Rival Cypriot leaders will exchange competing maps that show the boundaries of the Turkish and Greek zones as they pursue reunification talks, says a UN official.
Special Adviser to the UN Secretary-General on Cyprus Espen Barth Eide hailed the move as "a very important moment."
Speaking during a press conference on the third day of UN-sponsored Cyprus peace talks in Geneva, he said the "historic" moment provides an opportunity for the two delegations to, for the first time, present their rival maps behind closed doors on Wednesday, with cartographers from both sides present.
The island country has been divided since 1974 into a breakaway Turkish-speaking north and an internationally-recognized Greek-speaking south following an intervention by Turkey, which came when a military coup was carried out by individuals who sought to unify the island with Greece.
Almost one decade later, Turkish Cypriots declared an independent state, which has only been recognized by Ankara.
Foreign ministers from Cyprus's so-called guarantor powers, Britain, Greece and Turkey, as well as new UN Secretary-General Antonio Guterres are set to join the talks at the UN headquarters in Geneva on Thursday to discuss post-unification security issues.
The UN envoy said the swapped maps would not be disclosed publicly.
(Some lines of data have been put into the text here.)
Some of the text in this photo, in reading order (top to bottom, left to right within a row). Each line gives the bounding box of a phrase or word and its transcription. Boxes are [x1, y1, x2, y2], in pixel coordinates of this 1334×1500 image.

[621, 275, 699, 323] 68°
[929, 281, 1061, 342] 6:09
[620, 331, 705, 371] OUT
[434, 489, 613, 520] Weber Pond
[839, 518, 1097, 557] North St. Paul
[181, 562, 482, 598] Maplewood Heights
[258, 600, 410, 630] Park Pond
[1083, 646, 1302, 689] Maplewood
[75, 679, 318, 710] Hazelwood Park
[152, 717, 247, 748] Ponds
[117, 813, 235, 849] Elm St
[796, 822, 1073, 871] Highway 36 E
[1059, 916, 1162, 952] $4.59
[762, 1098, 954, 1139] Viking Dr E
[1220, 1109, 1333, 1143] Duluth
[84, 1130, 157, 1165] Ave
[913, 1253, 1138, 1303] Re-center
They "will be transferred to a vault and will only be in the possession of the United Nations" after being reviewed by Greek Cypriot President Nicos Anastasiades, Turkish Cypriot leader Mustafa Akinci, cartographers and the UN envoy, he added.
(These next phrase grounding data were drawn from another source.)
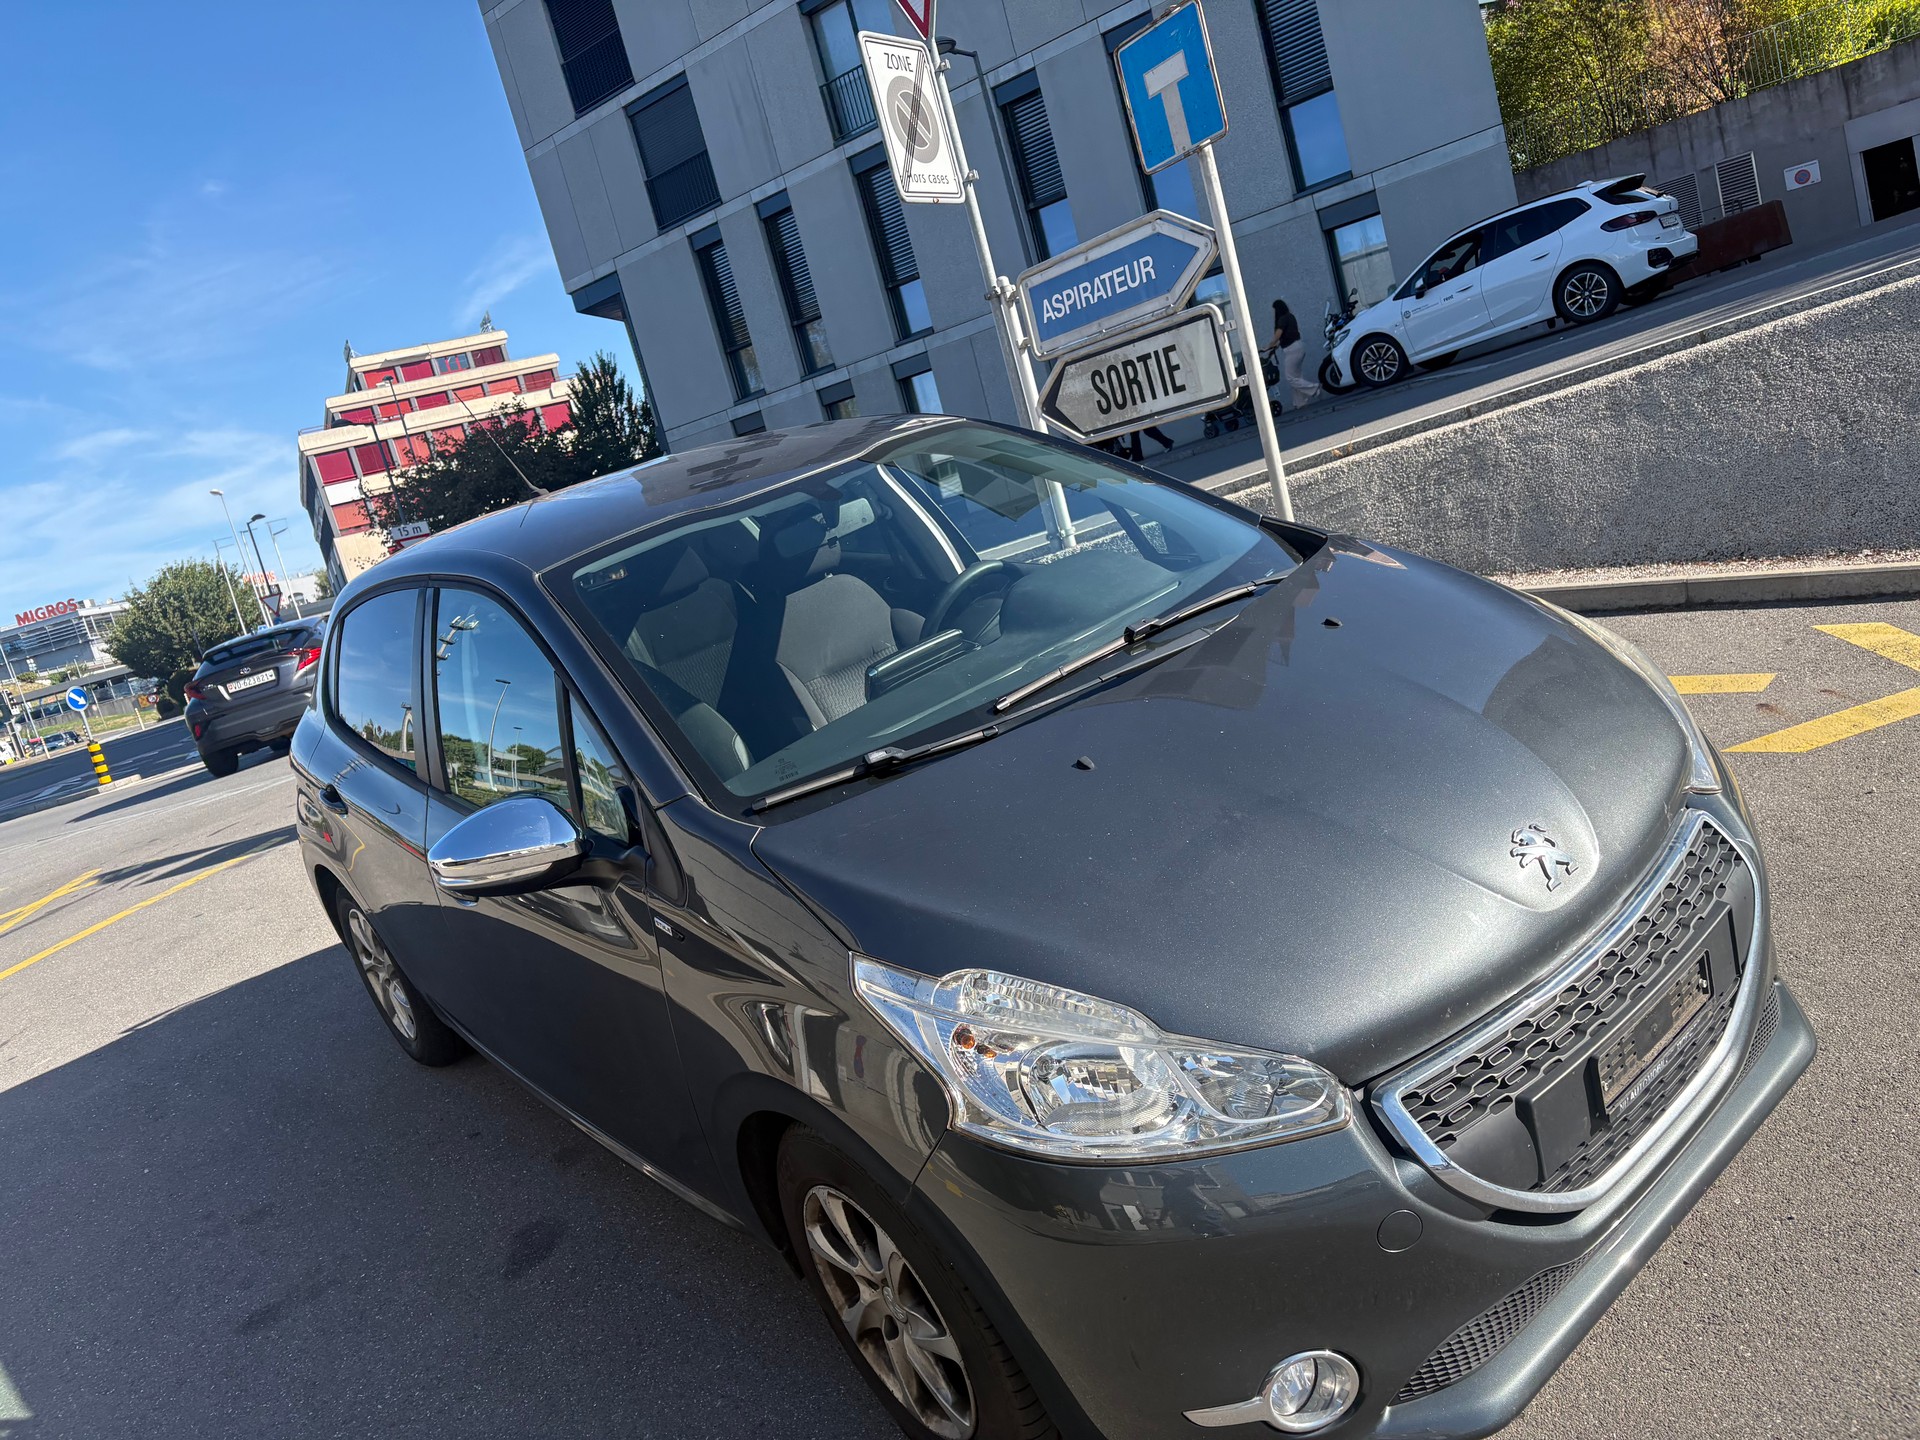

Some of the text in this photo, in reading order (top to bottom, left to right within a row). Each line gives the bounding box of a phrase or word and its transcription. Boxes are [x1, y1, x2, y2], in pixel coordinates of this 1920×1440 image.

[884, 52, 914, 73] ZONE
[927, 173, 950, 185] cases
[1042, 255, 1156, 324] ASPIRATEUR
[1091, 344, 1187, 415] SORTIE
[397, 525, 422, 537] 15 m
[15, 598, 78, 626] MIGROS
"We are on track," Eide said, adding, "We have dealt with some of the most difficult issues. We have touched upon almost all of them, we have solved many of them, and we are close to solving some other issues."
However, he declined to specify which issues had been resolved. "There's still work to do."
Top leaders from the European Union, which counts Cyprus as a member state, are also expected to take part in Thursday's talks.
"I really think that, without overdramatizing what is happening in Geneva, that this is the very last chance to see (a solution for) the island being imposed in a normal way," European Commission President Jean-Claude Juncker told reporters in Malta on Wednesday.